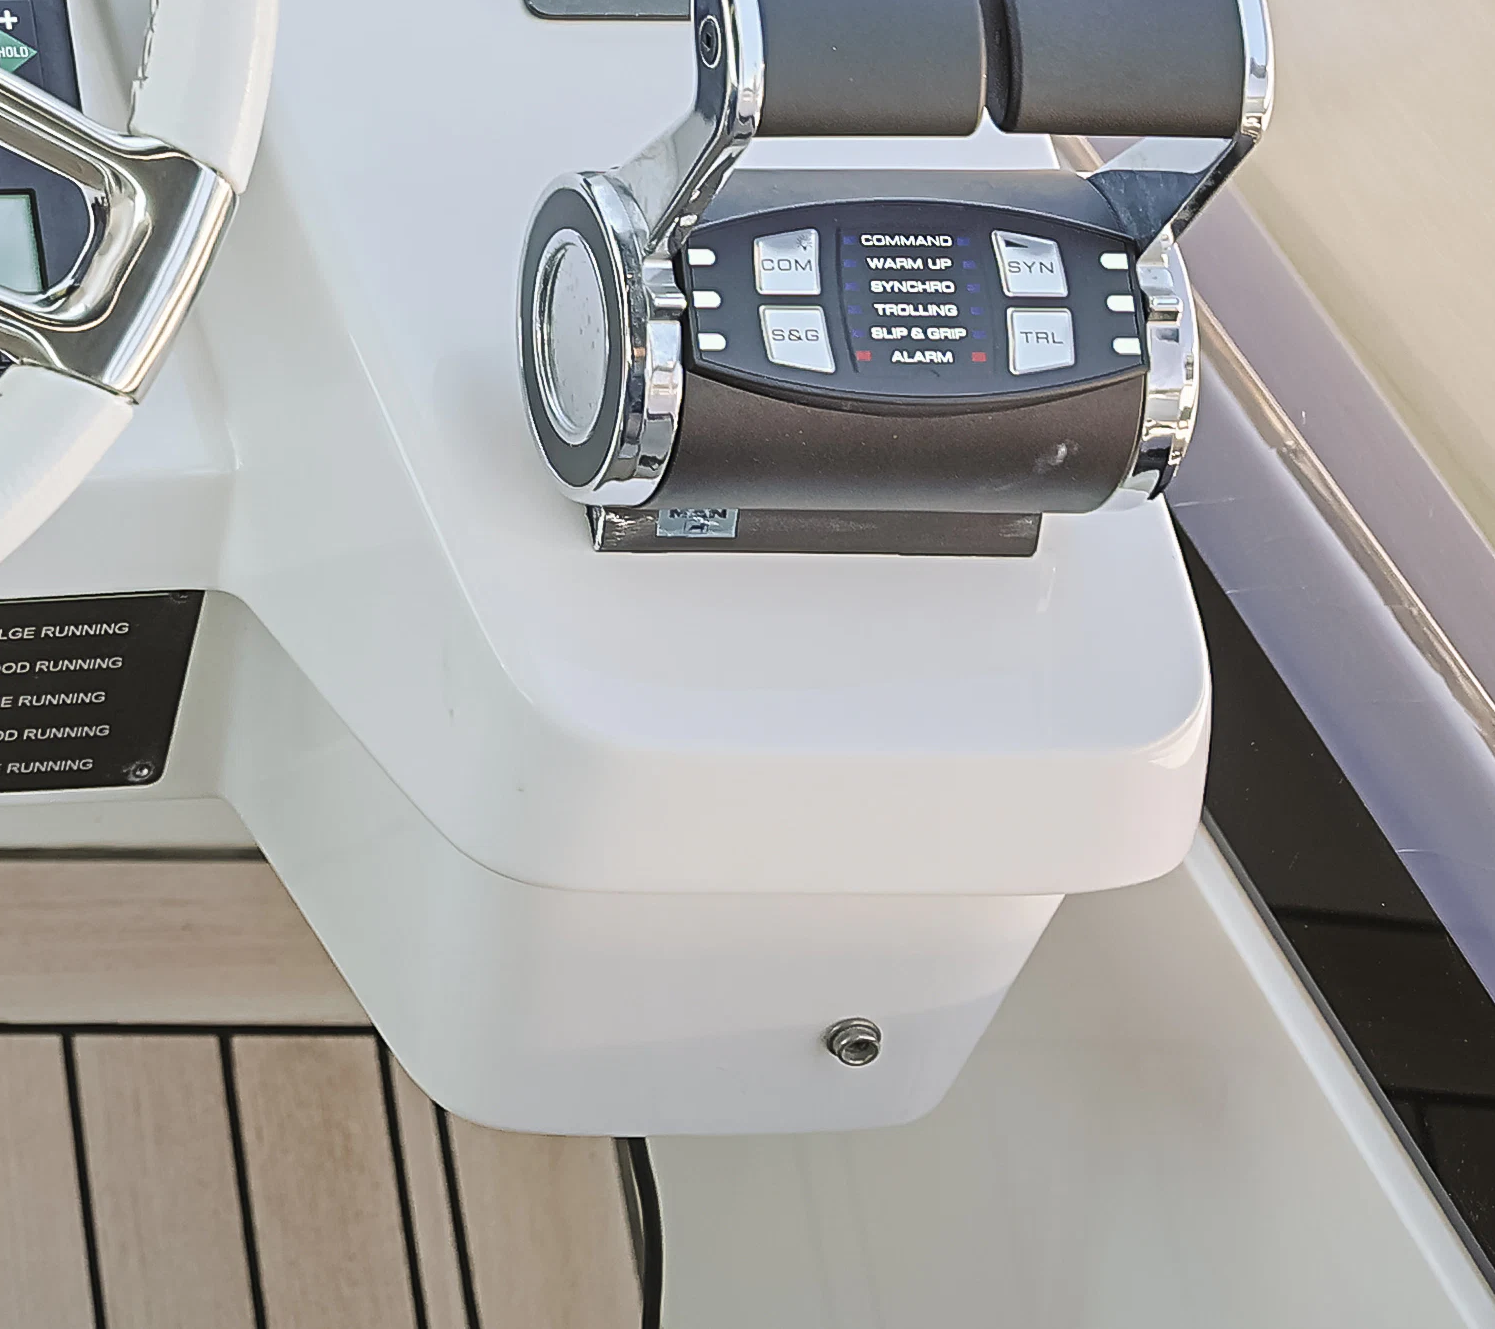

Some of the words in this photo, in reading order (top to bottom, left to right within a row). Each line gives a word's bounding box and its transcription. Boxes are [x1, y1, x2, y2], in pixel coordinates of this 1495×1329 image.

[860, 234, 953, 247] COMMAND
[762, 257, 814, 273] COM
[866, 258, 923, 269] WARM
[928, 258, 952, 269] UP
[1007, 259, 1055, 276] SYN
[870, 281, 955, 293] SYNCHRO
[874, 304, 958, 316] TROLLING
[771, 327, 820, 343] S&G
[871, 327, 908, 339] SLIP
[910, 327, 925, 339] &
[927, 327, 967, 340] GRIP
[1019, 329, 1064, 346] TRL
[891, 350, 954, 363] ALARM
[41, 622, 129, 639] RUNNING
[36, 657, 123, 672] RUNNING
[18, 691, 106, 707] RUNNING
[23, 725, 110, 740] RUNNING
[7, 759, 93, 774] RUNNING

══════

## To do
Could you please return the entries above exactly, minus the pictures?

## Answer space
Some of the words in this photo, in reading order (top to bottom, left to right within a row). Each line gives a word's bounding box and its transcription. Boxes are [x1, y1, x2, y2], in pixel coordinates of this 1495×1329 image.

[860, 234, 953, 247] COMMAND
[762, 257, 814, 273] COM
[866, 258, 923, 269] WARM
[928, 258, 952, 269] UP
[1007, 259, 1055, 276] SYN
[870, 281, 955, 293] SYNCHRO
[874, 304, 958, 316] TROLLING
[771, 327, 820, 343] S&G
[871, 327, 908, 339] SLIP
[910, 327, 925, 339] &
[927, 327, 967, 340] GRIP
[1019, 329, 1064, 346] TRL
[891, 350, 954, 363] ALARM
[41, 622, 129, 639] RUNNING
[36, 657, 123, 672] RUNNING
[18, 691, 106, 707] RUNNING
[23, 725, 110, 740] RUNNING
[7, 759, 93, 774] RUNNING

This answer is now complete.